Seven Days in Solitary [4/30/2017]

Our Weekly Roundup of News and Views on Solitary Confinement

by | April 30, 2017

• Guards at the Milwaukee County Jail may face criminal charges, after a man in solitary confinement died of dehydration due to the water in his cell being cut off. Terrill Thomas, 38, who had a history of mental illness, had his water turned off as punishment for flooding his cell – and it stayed turned off for days on end. Thomas died after a week.

• The Human Rights Clinic at the University of Texas School of Law released a report on the conditions on the state’s death row. “The right to be free from torture is an absolute human right, and it is submitted that the current conditions of confinement on Texas’ death row, including mandatory indefinite isolation, amounts to a severe and relentless act of torture,” the report concludes.

• Supreme Court Justice Breyer addressed the issue of solitary confinement in a short opinion about the case of an Arizona prisoner on death row, whose petition was ultimately rejected by the Court on procedural grounds. “What legitimate purpose does it serve to hold any human being in solitary confinement for 40 years awaiting execution?” Breyer asked.

• Three Muslim individuals held at the Sterling Correctional Facility in Colorado have filed a lawsuit in federal court, alleging that that they faced religious discrimination from guards. In April 2016, the three men were pepper sprayed after they tried to enter a multipurpose room for their weekly prayers; at least one of the men said he was thrown in solitary in retaliation for filing a grievance about the alleged abuse.

• An incarcerated CIA whistleblower has filed a complaint against the Bureau of Prisons, alleging that he was falsely accused of threatening a corrections officer and defying an order, and wrongly placed in solitary confinement for three days. Shadow Proof reported on the case of former CIA officer Jeffrey Sterling, who is incarcerated at the Federal Correctional Institution in Englewood, Colorado.

• Kansas is shifting away from the use of solitary confinement, according to a local outlet. “On April 24, there were 616 inmates in solitary confinement across Kansas state prisons, reports the Topeka Capital-Journal. “Six months ago, that number was 732. A year ago, it was 833.” The state has also said it is employing alternative programs to reduce the number of people in isolation.

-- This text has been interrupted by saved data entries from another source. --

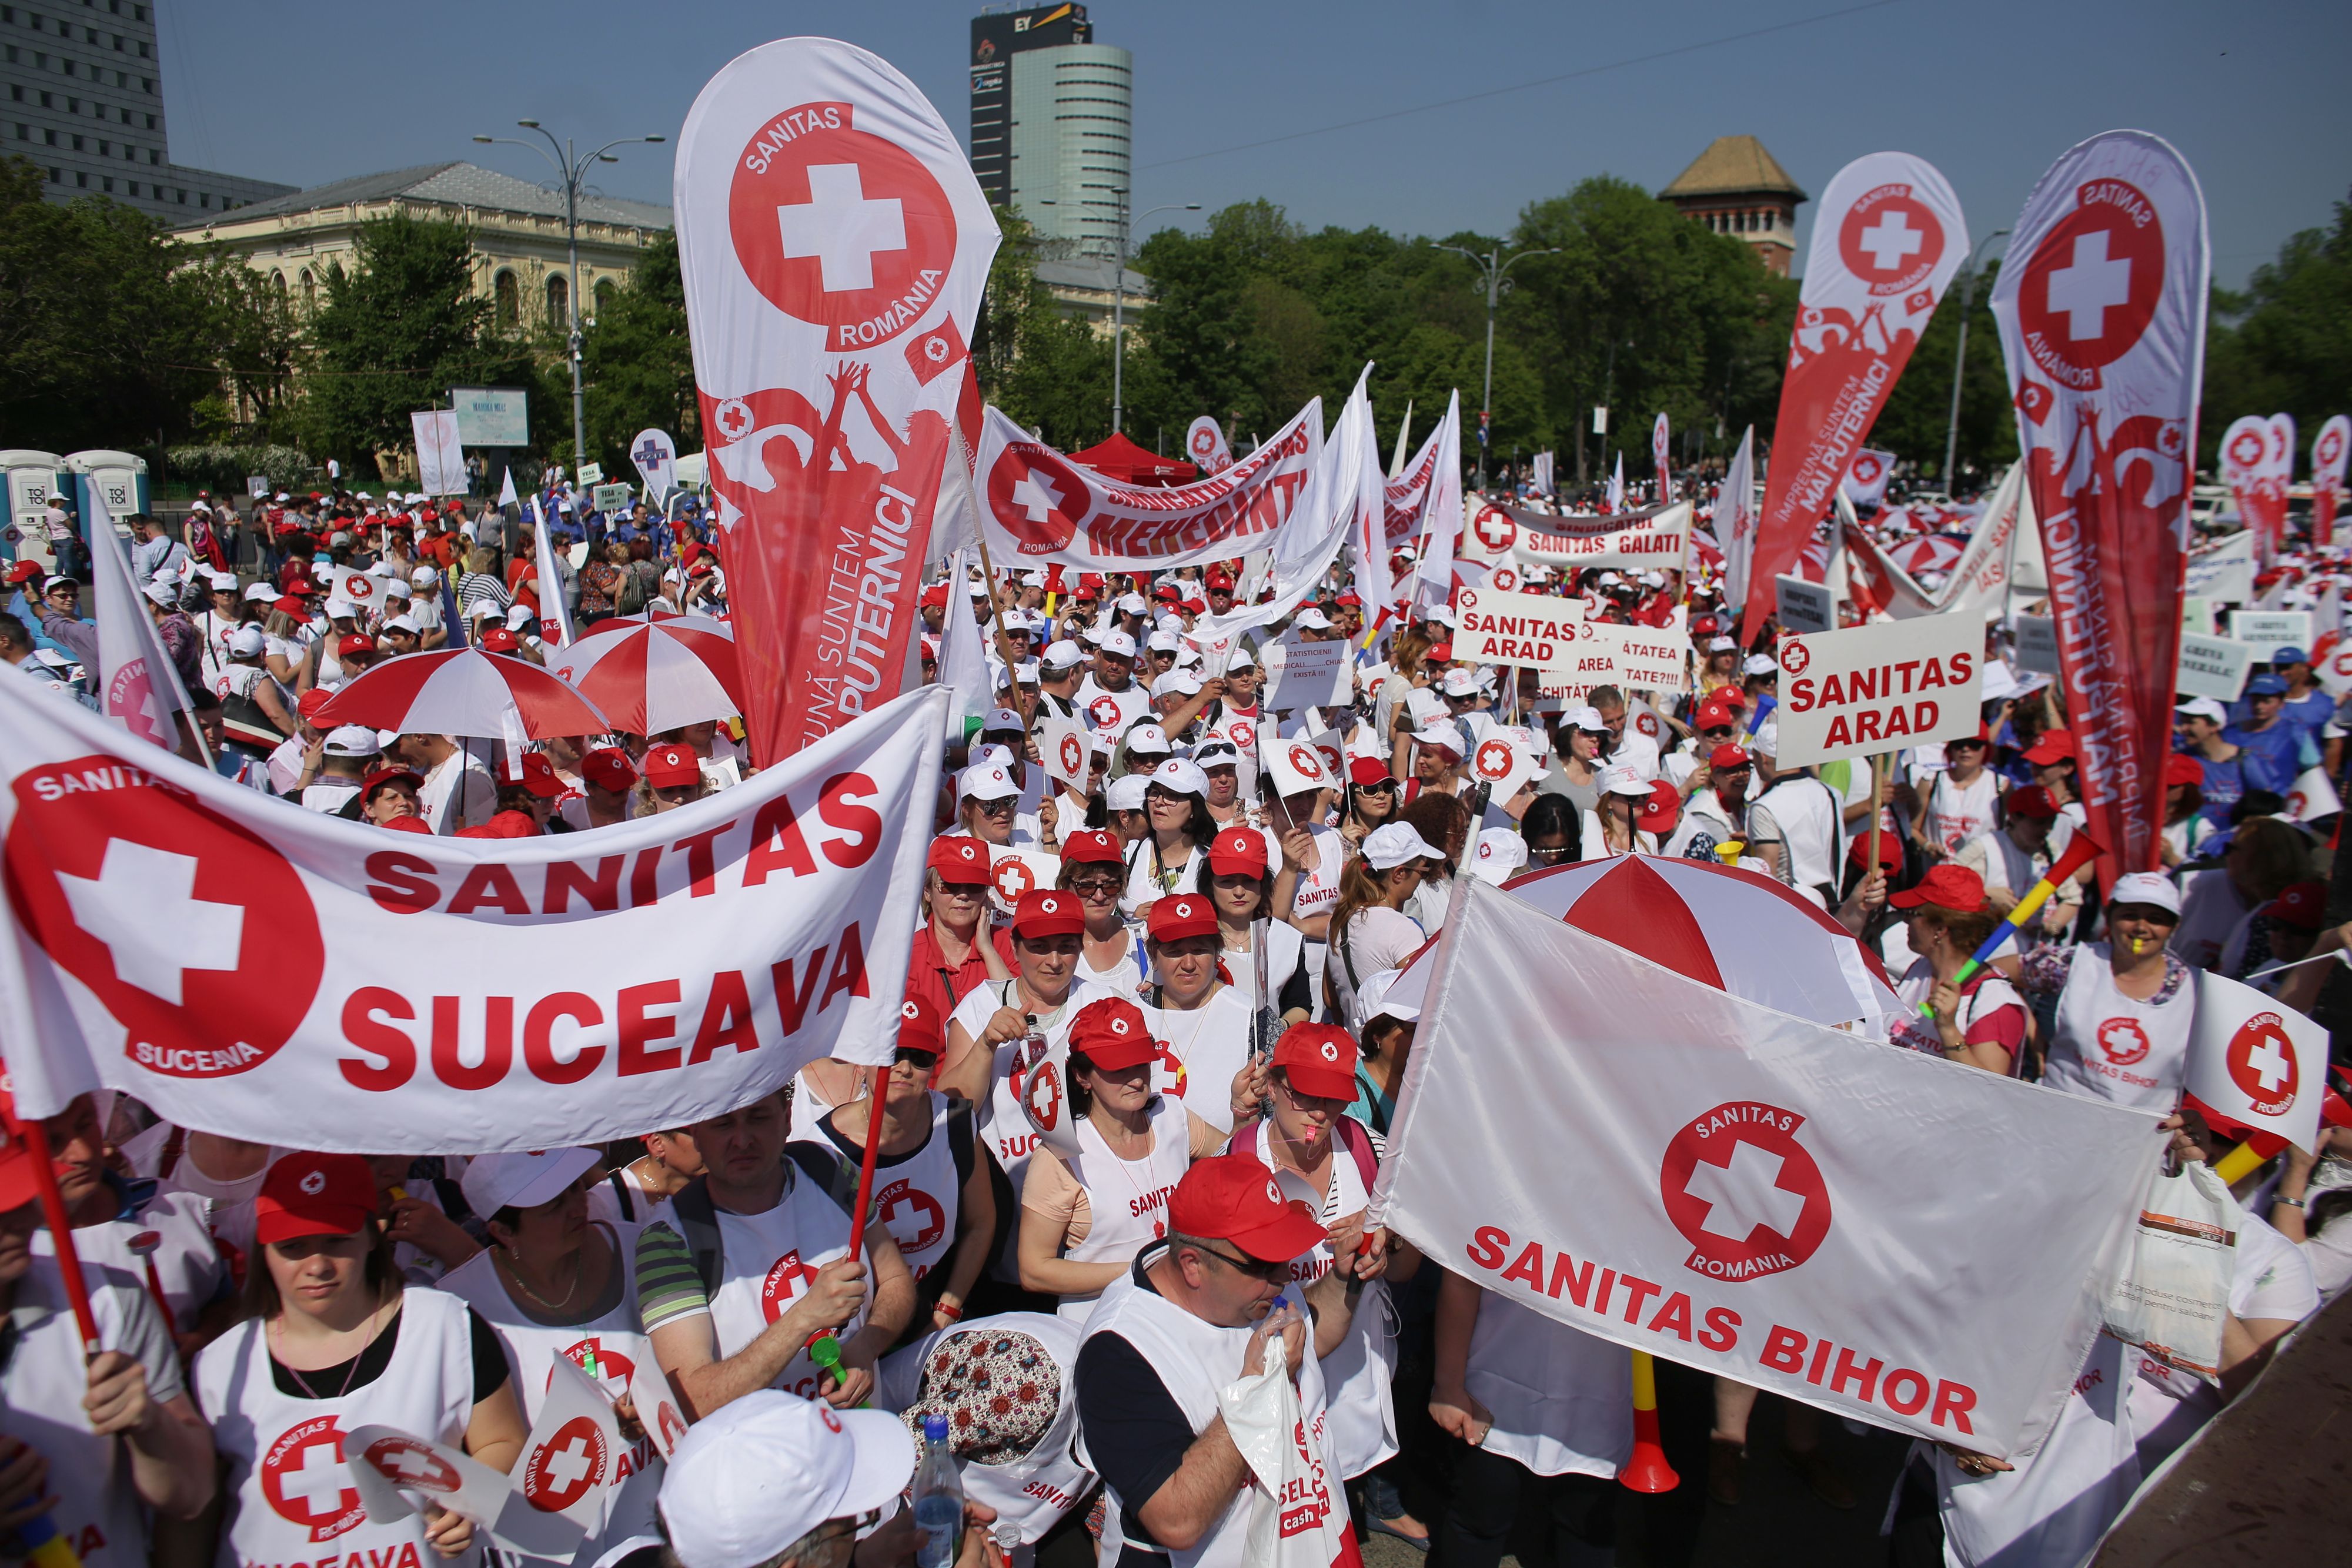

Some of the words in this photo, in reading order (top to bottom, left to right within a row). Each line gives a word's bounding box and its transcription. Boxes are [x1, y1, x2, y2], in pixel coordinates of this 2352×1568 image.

[1014, 16, 1031, 32] EY
[746, 106, 841, 175] SANITAS
[1855, 185, 1907, 213] SANITAS
[1875, 262, 1933, 295] ROMÂNIA
[840, 269, 943, 346] ROMÂNIA
[721, 397, 741, 406] SANITAS
[729, 431, 749, 442] ROMÂNIA
[1799, 470, 1833, 513] MAI
[1822, 358, 1891, 472] PUTERNICI
[1774, 441, 1825, 523] ÎMPREUNĂ
[1819, 375, 1861, 442] SUNTEM
[601, 490, 615, 498] TESA
[1024, 536, 1068, 552] ROMANIA
[1529, 533, 1605, 554] SANITAS
[1619, 534, 1680, 554] GALATI
[818, 526, 866, 667] SUNTEM
[838, 483, 916, 714] PUTERNICI
[1463, 613, 1576, 642] SANITAS
[1285, 648, 1332, 658] STATISTICIENII
[1481, 637, 1553, 661] ARAD
[1623, 640, 1676, 660] ĂTATEA
[1294, 670, 1317, 678] EXISTĂ
[1578, 657, 1614, 672] AREA
[1626, 668, 1678, 685] TATE?!!!
[1789, 653, 1972, 713] SANITAS
[1091, 696, 1110, 706] SANITAS
[1100, 720, 1118, 729] ROMÂNIA
[1422, 711, 1451, 724] SINDICAT
[1823, 701, 1939, 750] ARAD
[1490, 739, 1511, 750] SANITAS
[365, 772, 883, 915] SANITAS
[996, 856, 1020, 867] SANITAS
[1298, 887, 1338, 906] SANITAS
[338, 920, 871, 1093] SUCEAVA
[2247, 1014, 2280, 1031] SANITAS
[135, 1040, 265, 1072] SUCEAVA
[2083, 1057, 2119, 1078] NITAS
[1050, 1065, 1062, 1096] SANITAS
[2257, 1092, 2296, 1114] ROMÂNIA
[1695, 1106, 1793, 1141] SANITAS
[1129, 1185, 1177, 1218] SANITA
[901, 1231, 941, 1253] ROMÂNIA
[2199, 1232, 2220, 1242] SHOP
[765, 1255, 797, 1298] SANITAS
[1289, 1258, 1336, 1282] SANIT
[1691, 1252, 1796, 1280] ROMANIA
[2121, 1278, 2133, 1289] de
[2135, 1283, 2174, 1301] produse
[2144, 1298, 2176, 1313] pentru
[2179, 1306, 2216, 1322] saloane
[1465, 1225, 1743, 1353] SANITAS
[1759, 1324, 1978, 1436] BIHOR
[2071, 1368, 2103, 1395] HOR
[266, 1420, 328, 1467] SANITAS
[527, 1449, 544, 1497] SANITAS
[1023, 1481, 1074, 1510] SANIT
[318, 1502, 368, 1540] ROMÂN
[1284, 1509, 1314, 1530] cash

• According to the San Diego Reader, a “longtime member of a powerful white supremacist gang,” Elliot Scott Grizzle, has filed a lawsuit against the County of San Diego alleging he was improperly placed in solitary confinement. “According to his handwritten complaint, filed in federal court on April 25, Sheriff’s deputies placed Grizzle, without providing him any reasons as to why, in solitary confinement upon his arrest on August 3, 2016. He requested corrections officials to review his segregation on numerous occasions. In addition, states Grizzle’s complaint, his segregated cell is brightly lit and is positioned near a loud television set, and even louder inmates, which in turn has resulted in a loss of sleep.”

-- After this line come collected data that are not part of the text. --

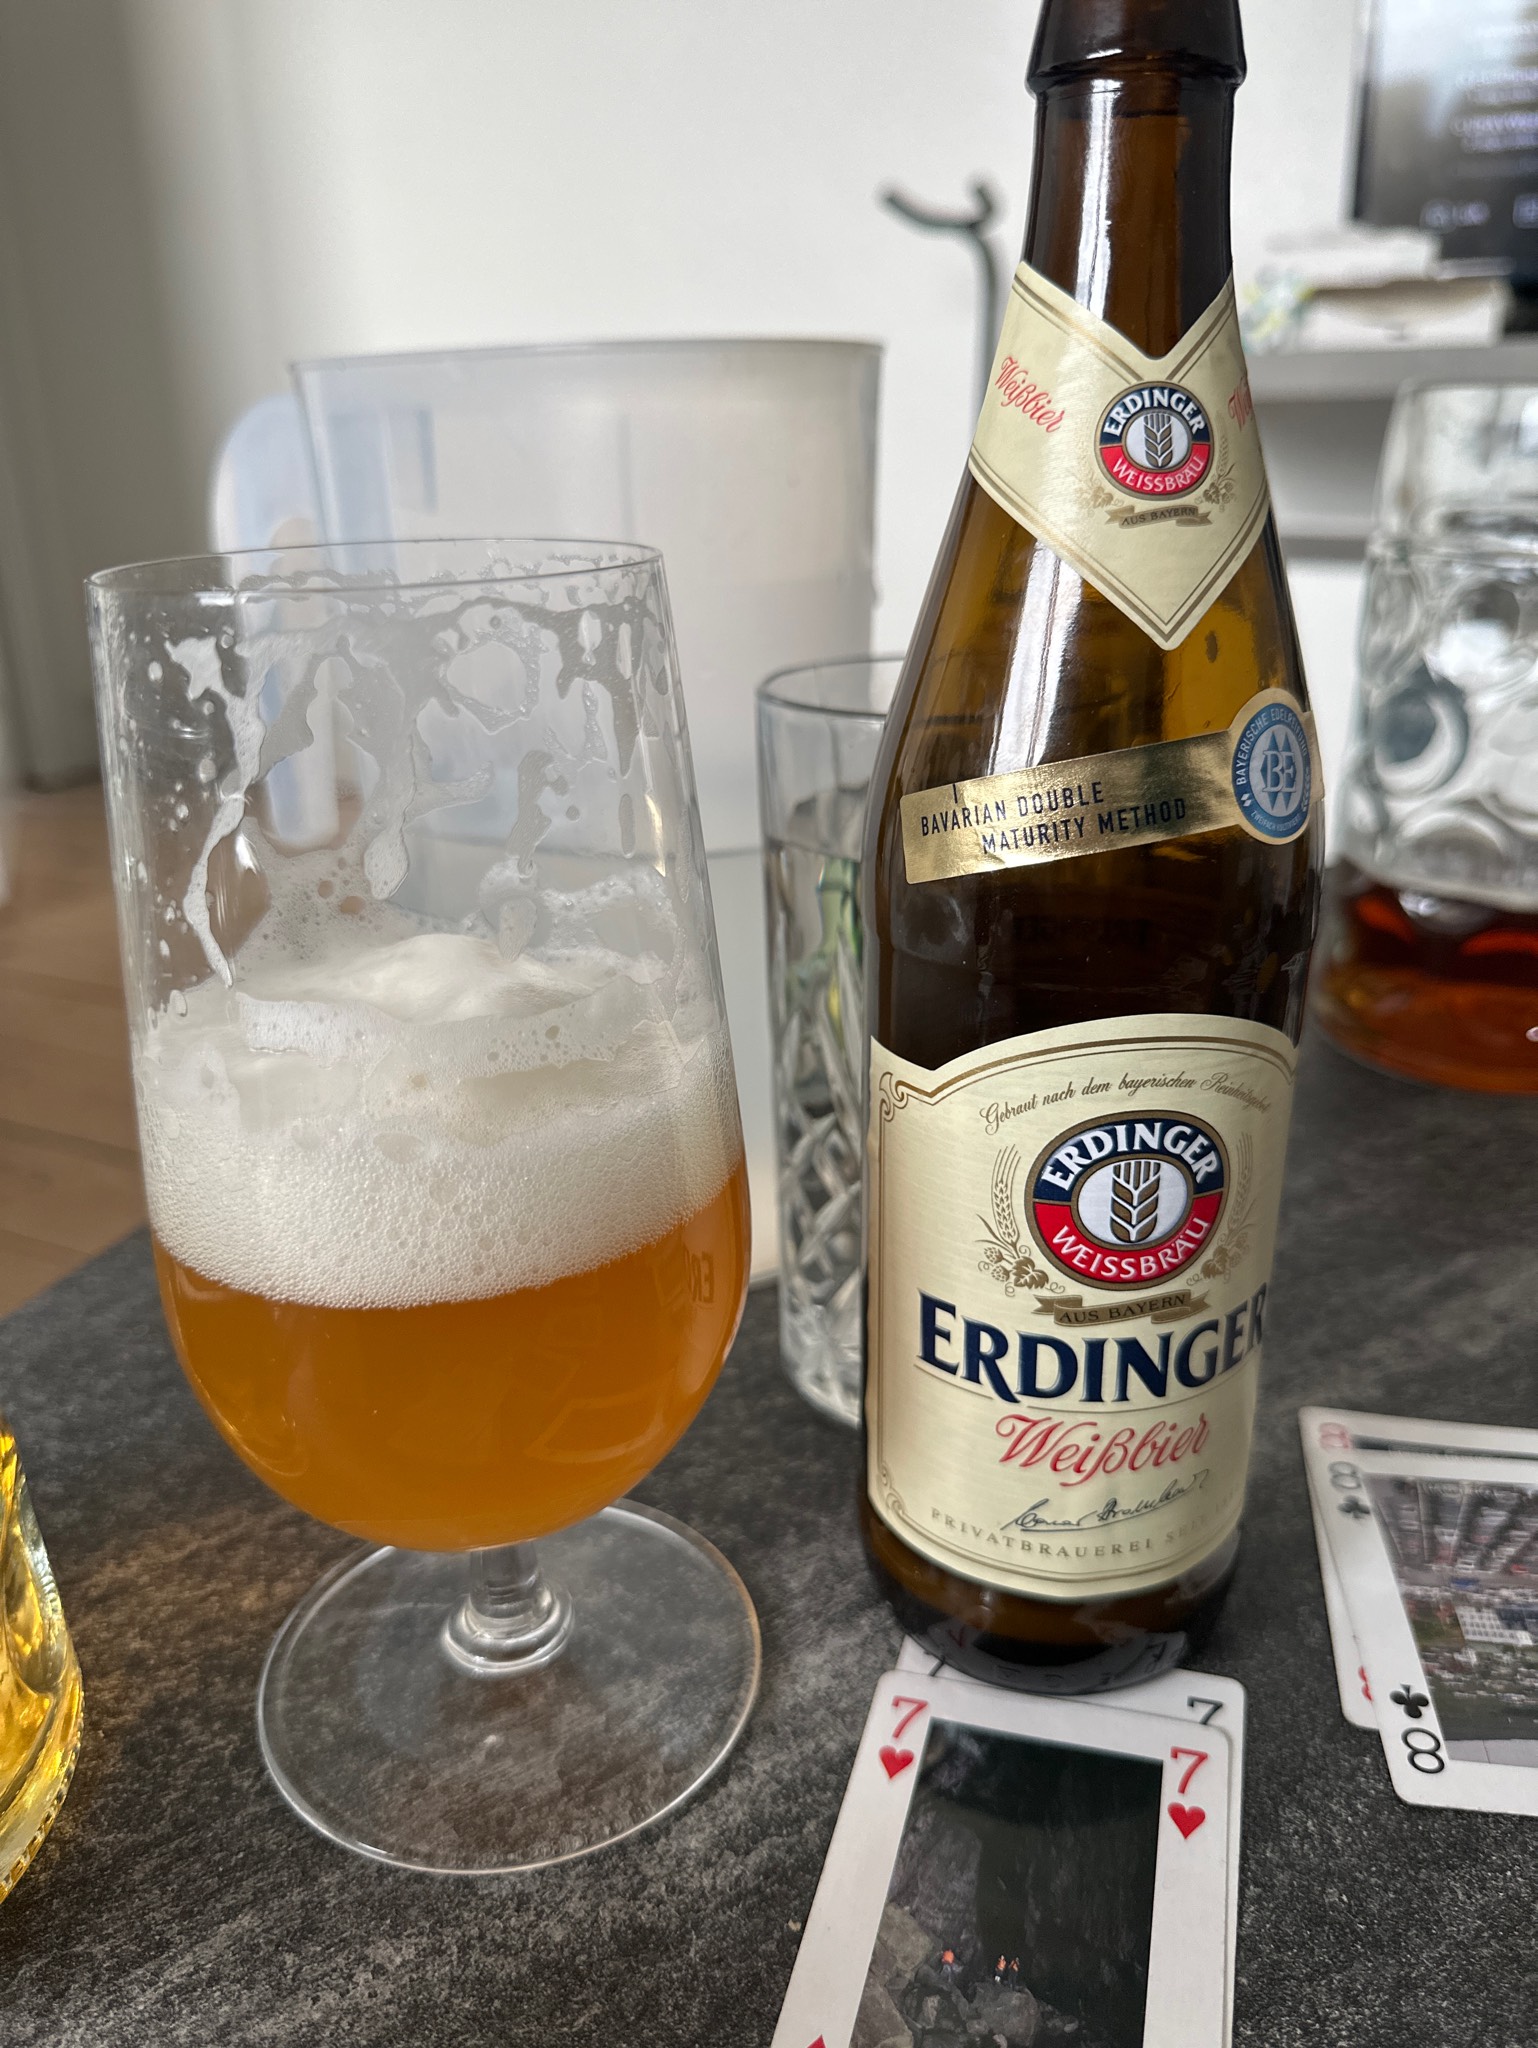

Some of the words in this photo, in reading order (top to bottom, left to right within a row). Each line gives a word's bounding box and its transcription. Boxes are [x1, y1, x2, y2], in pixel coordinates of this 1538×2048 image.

[994, 355, 1066, 433] Weißbier
[1103, 387, 1207, 436] ERDINGER
[1112, 455, 1206, 494] WEISSBRÄU
[1121, 515, 1148, 527] AUS
[1150, 506, 1197, 521] BAYERN
[1235, 712, 1269, 786] BAYERISCHE
[1262, 750, 1297, 792] BE
[920, 798, 1008, 837] BAVARIAN
[1017, 780, 1105, 817] DOUBLE
[981, 817, 1085, 855] MATURITY
[1098, 797, 1187, 835] METHOD
[979, 1096, 1039, 1136] Gebraut
[1041, 1086, 1076, 1108] nach
[1081, 1077, 1112, 1097] dem
[1118, 1072, 1199, 1098] bayerischen
[1041, 1121, 1220, 1191] ERDINGER
[1051, 1216, 1210, 1279] WEISSBRÄU
[1058, 1308, 1101, 1324] AUS
[1107, 1293, 1188, 1320] BAYERN
[916, 1282, 1267, 1404] ERDINGER
[995, 1412, 1211, 1488] Weißbier
[1328, 1460, 1362, 1491] 8
[930, 1506, 1152, 1560] PRIVATBRAUEREI
[891, 1696, 928, 1740] 7
[1170, 1746, 1208, 1795] 7
[1400, 1726, 1446, 1775] 8

• An appeals court has ruled that New York state prison officials acted legally when they placed an individual in solitary after he refused to allow guards to inspect a “heart-shaped” object located under the skin of his penis. “We find that substantial evidence supports the determination that petitioner’s placement in the general population would pose a risk to the security and safety of the facility,” ruled the Appellate Division of the state Supreme Court.